1b.Approach (from AD-416)
As part of our preliminary work we have been able to develop a microarray containing 14,584 expressed sequence tags (EST) from H. virescens (see preliminary data). This array included 144 gut-specific ESTs obtained from a subtraction library. We have expanded the microarray by adding another 124 ESTs from a gut cDNA library. The first goal of aim 1 is to analyze expression of gut genes in susceptible and Cry1Ac-Cry2Ab resistant H. virescens larvae. We propose using a microarray in a high throughput analysis using mRNA labeled with CyDyes. To focus our analyses on proteins directly involved in resistance to both Cry1Ac and Cry2A toxins, we plan to compare susceptible (COW or ARS) with selected strains that are resistant to both toxins (CXC and KCBhyb for COW and EMS for ARS) and a strain that is only resistant to Cry1Ac (YHD2-B).

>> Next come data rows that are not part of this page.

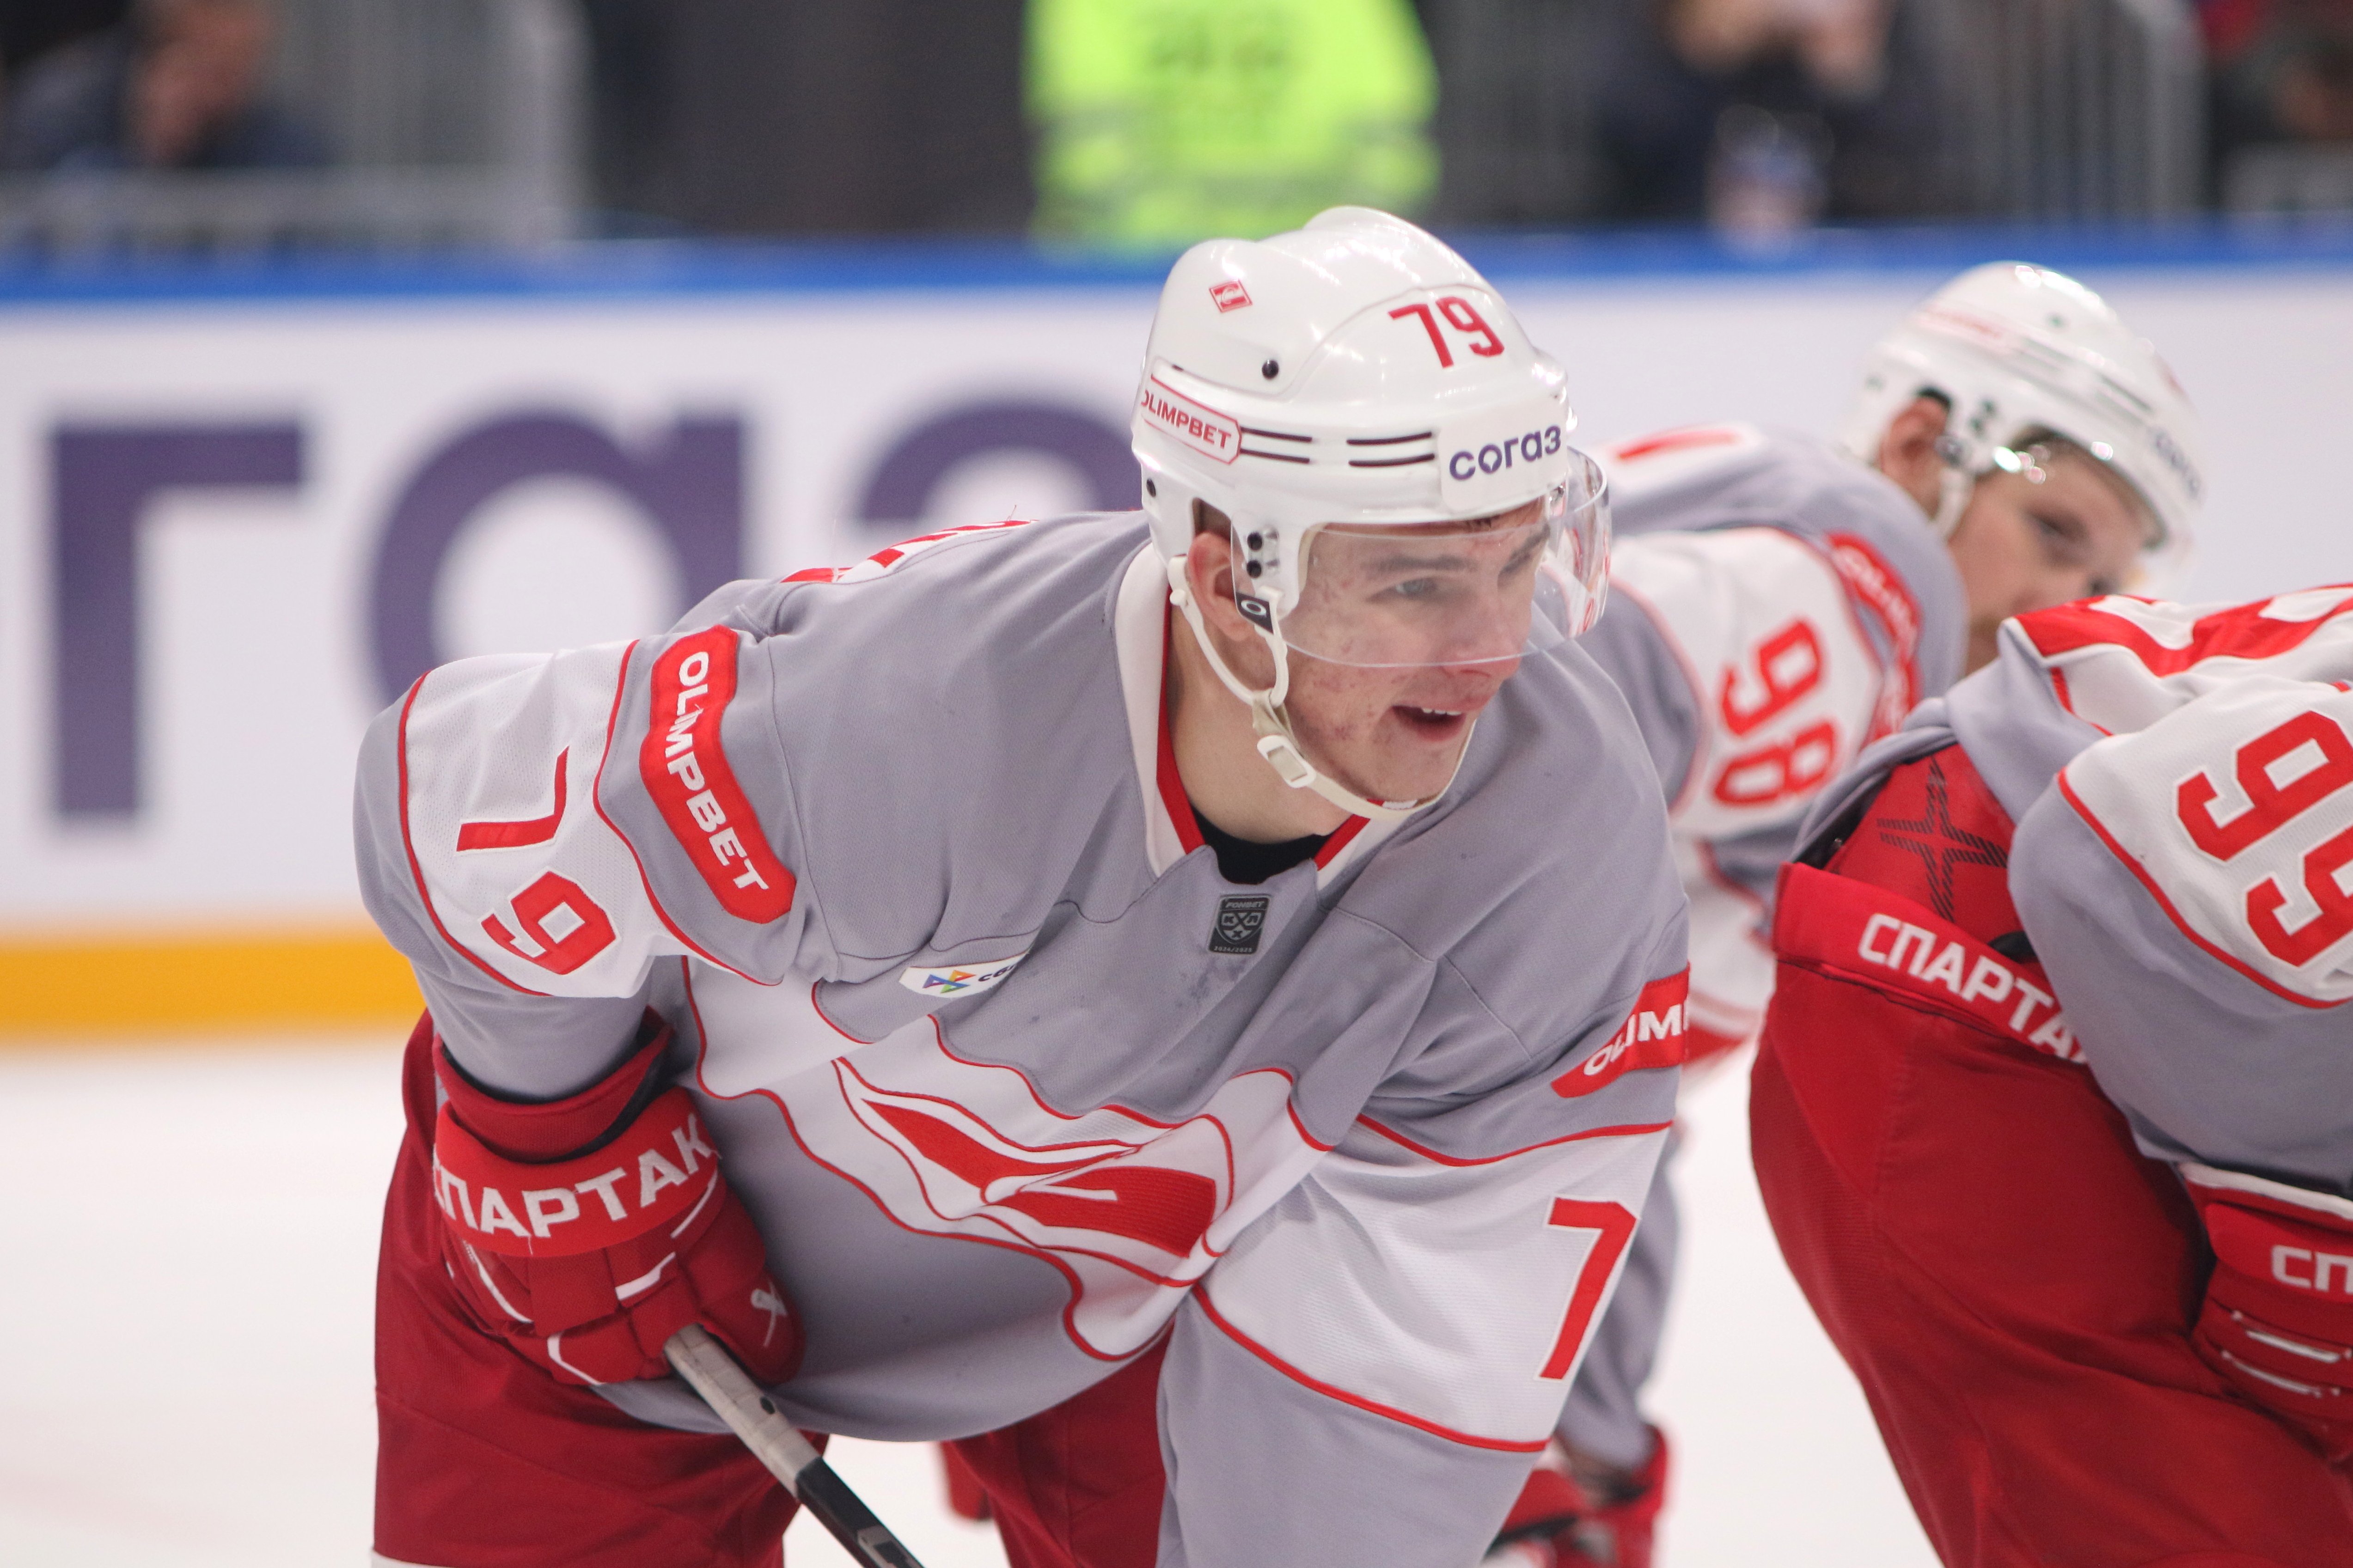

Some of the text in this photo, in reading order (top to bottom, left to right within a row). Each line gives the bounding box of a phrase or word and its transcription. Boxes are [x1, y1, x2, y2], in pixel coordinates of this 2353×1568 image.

[1387, 296, 1505, 369] 79
[1449, 424, 1561, 481] согаз
[664, 650, 769, 891] OLIMPBET
[1710, 617, 1837, 810] 98
[455, 744, 619, 977] 79
[1857, 912, 2089, 1064] СПАРТА

Once the specific set of genes with altered expression is identified, we propose using quantitative real-time PCR (qRT-PCR) to confirm the differential expression levels in each strain. We expect this genomic approach to successfully identify genes whose products have a relevant role in the Cry intoxication process and whose alteration leads to resistance. These genes would be optimal candidates for the development of highly sensitive DNA-based resistance monitoring strategies.

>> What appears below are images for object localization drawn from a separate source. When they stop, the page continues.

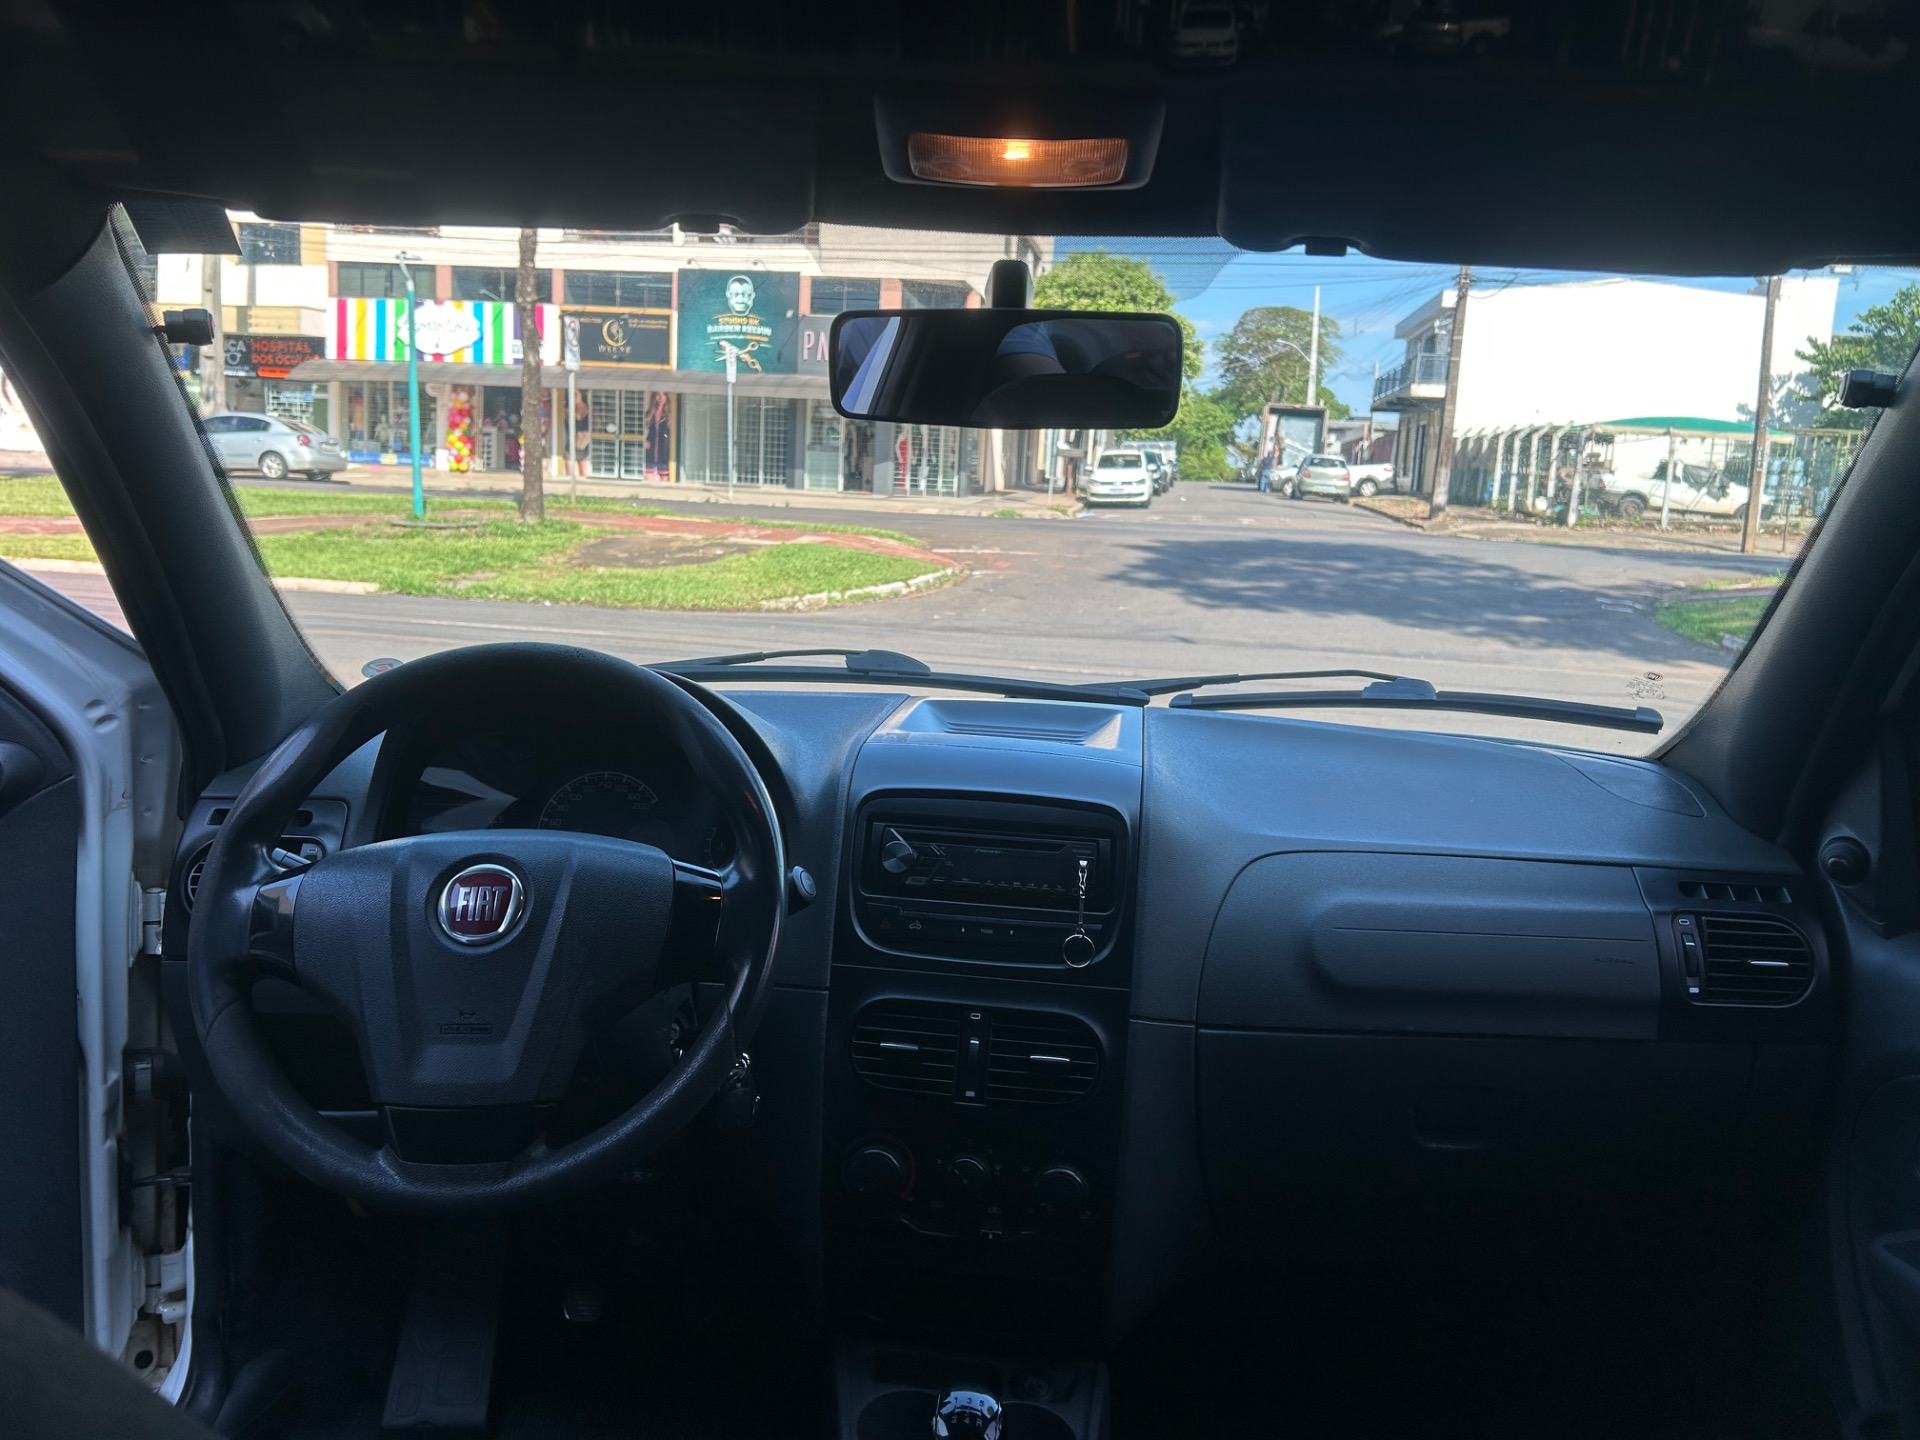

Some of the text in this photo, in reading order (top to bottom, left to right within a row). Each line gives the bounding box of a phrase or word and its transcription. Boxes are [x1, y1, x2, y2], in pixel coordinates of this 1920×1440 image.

[251, 340, 311, 353] HOSPITAL
[802, 330, 829, 361] PA
[251, 353, 274, 364] DOS
[455, 886, 508, 922] FIAT
[963, 1416, 970, 1425] 4
[976, 1419, 983, 1428] R

Age synchronized fourth instar larvae of Bt toxin susceptible tobacco budworm strain YDK and resistant CXC, KCB, and YHD2 strains were exposed to sub-lethal doses of Cry 1Ac and/or Cry2Ab. Control groups of insects were either mock treated or fed on non-toxic Cry3Aa. Midgut tissues of the larvae were harvested at 30, 120, 480, and 720 min after exposure to toxins. Total RNA samples from the midgut tissues collected at various time points were used to hybridize glass-slide microarrays developed from the tobacco budworm transcriptome. Bioinformatic analyses were performed to identify genes differentially expressed in susceptible and resistant strains. Results from microarray analyses are being validated using quantitative real-time polymerase chain reaction (qRT-PCR) studies.